*WHAT IS NEEDED*.
Omit every picture and return the rest of the data unaltered.

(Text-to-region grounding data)
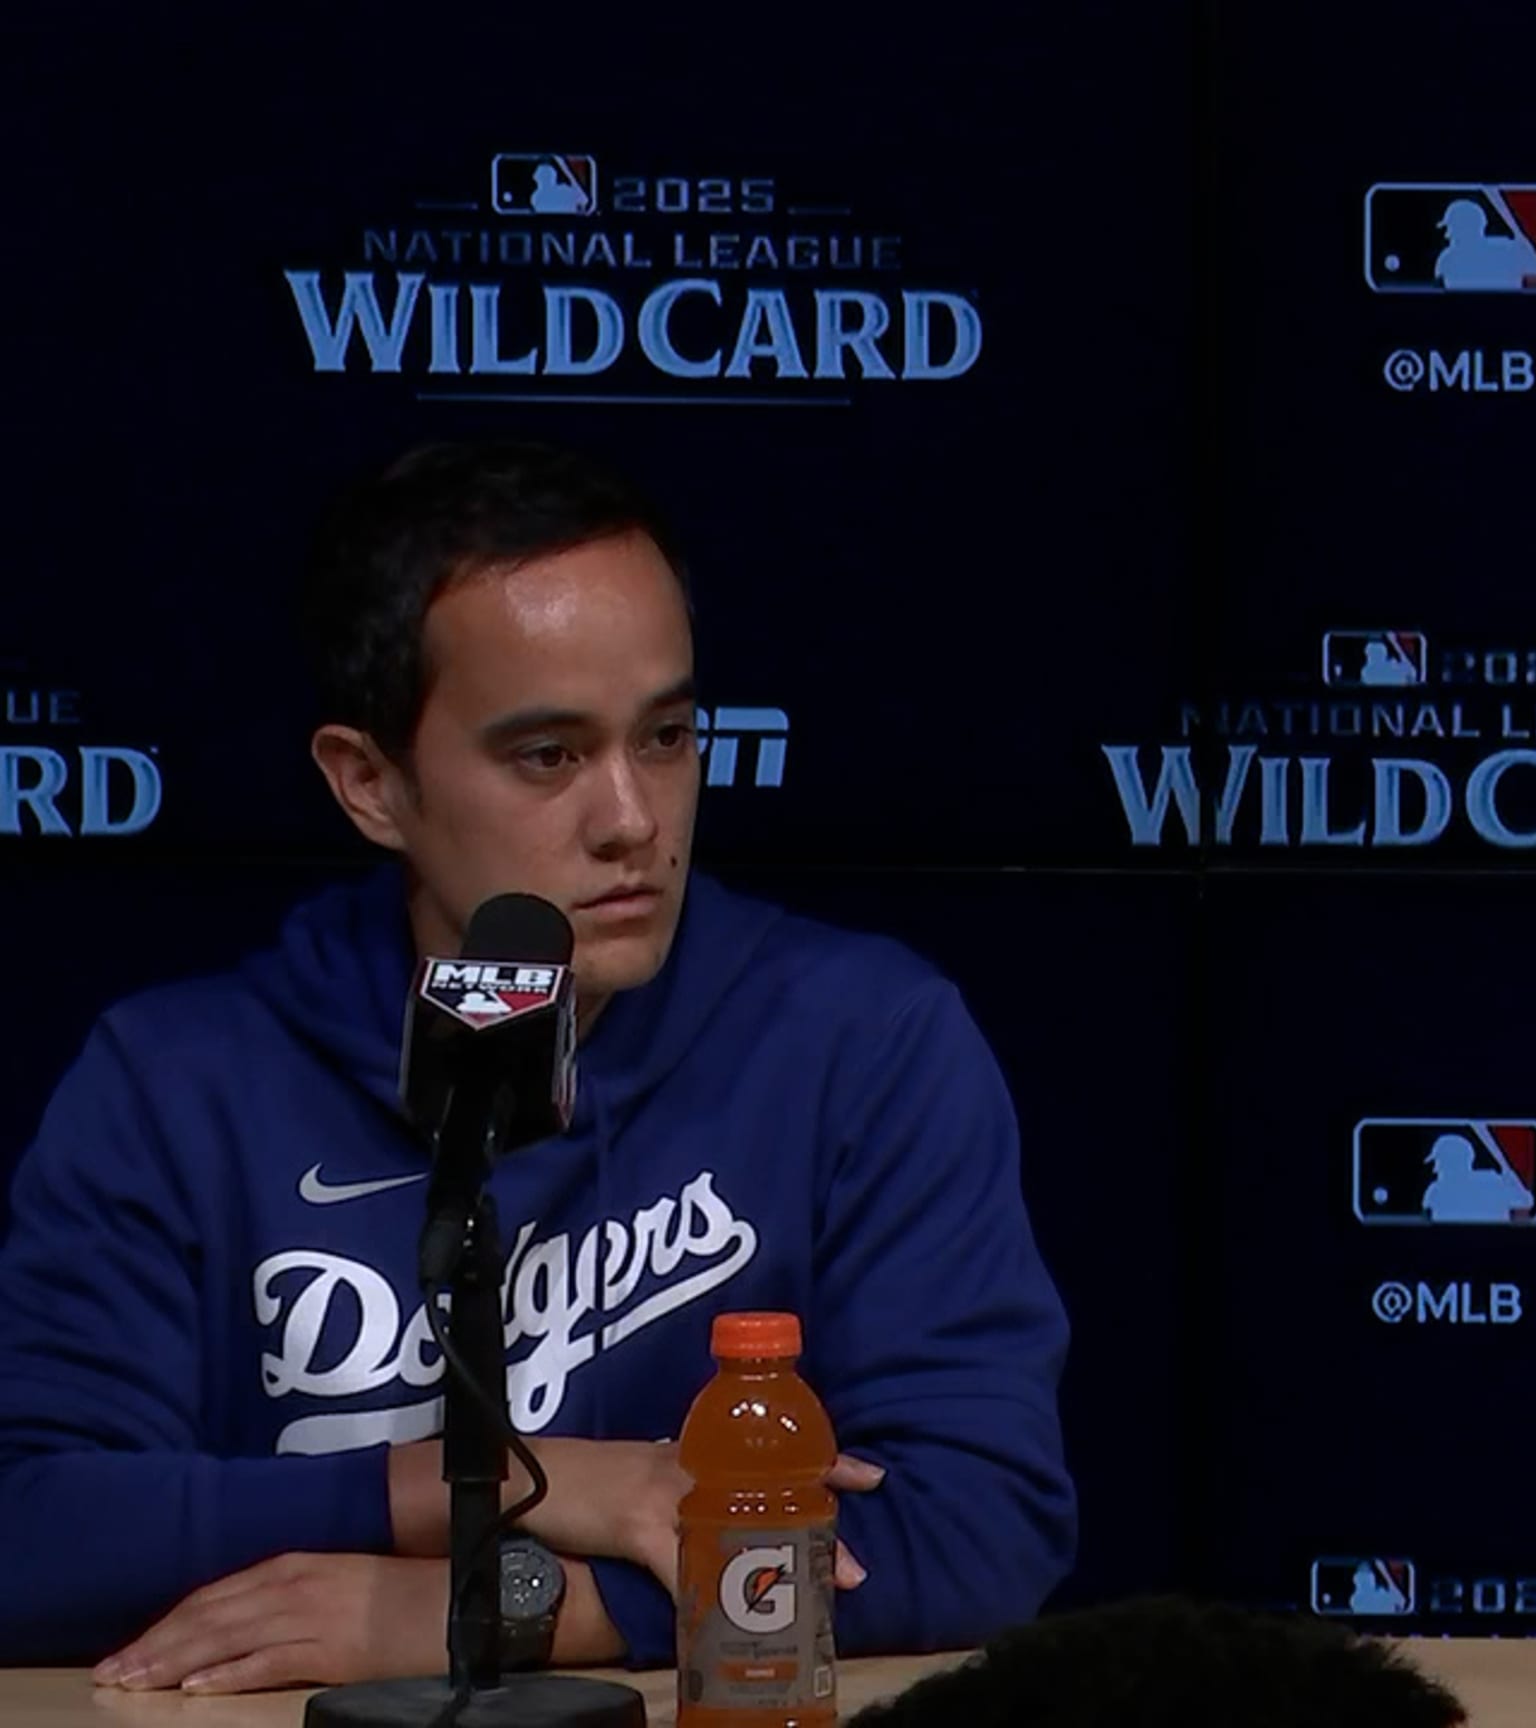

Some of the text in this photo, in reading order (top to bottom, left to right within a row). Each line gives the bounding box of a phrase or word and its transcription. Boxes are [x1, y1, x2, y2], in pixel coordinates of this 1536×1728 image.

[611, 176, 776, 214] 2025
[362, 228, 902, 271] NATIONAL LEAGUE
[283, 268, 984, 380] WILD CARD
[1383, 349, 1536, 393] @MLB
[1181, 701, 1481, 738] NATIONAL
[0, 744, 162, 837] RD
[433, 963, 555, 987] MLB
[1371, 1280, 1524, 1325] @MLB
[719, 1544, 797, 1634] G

*ANSWER BELOW*.
Some of the text in this photo, in reading order (top to bottom, left to right within a row). Each line gives the bounding box of a phrase or word and its transcription. Boxes are [x1, y1, x2, y2], in pixel coordinates of this 1536×1728 image.

[611, 176, 776, 214] 2025
[362, 228, 902, 271] NATIONAL LEAGUE
[283, 268, 984, 380] WILD CARD
[1383, 349, 1536, 393] @MLB
[1181, 701, 1481, 738] NATIONAL
[0, 744, 162, 837] RD
[433, 963, 555, 987] MLB
[1371, 1280, 1524, 1325] @MLB
[719, 1544, 797, 1634] G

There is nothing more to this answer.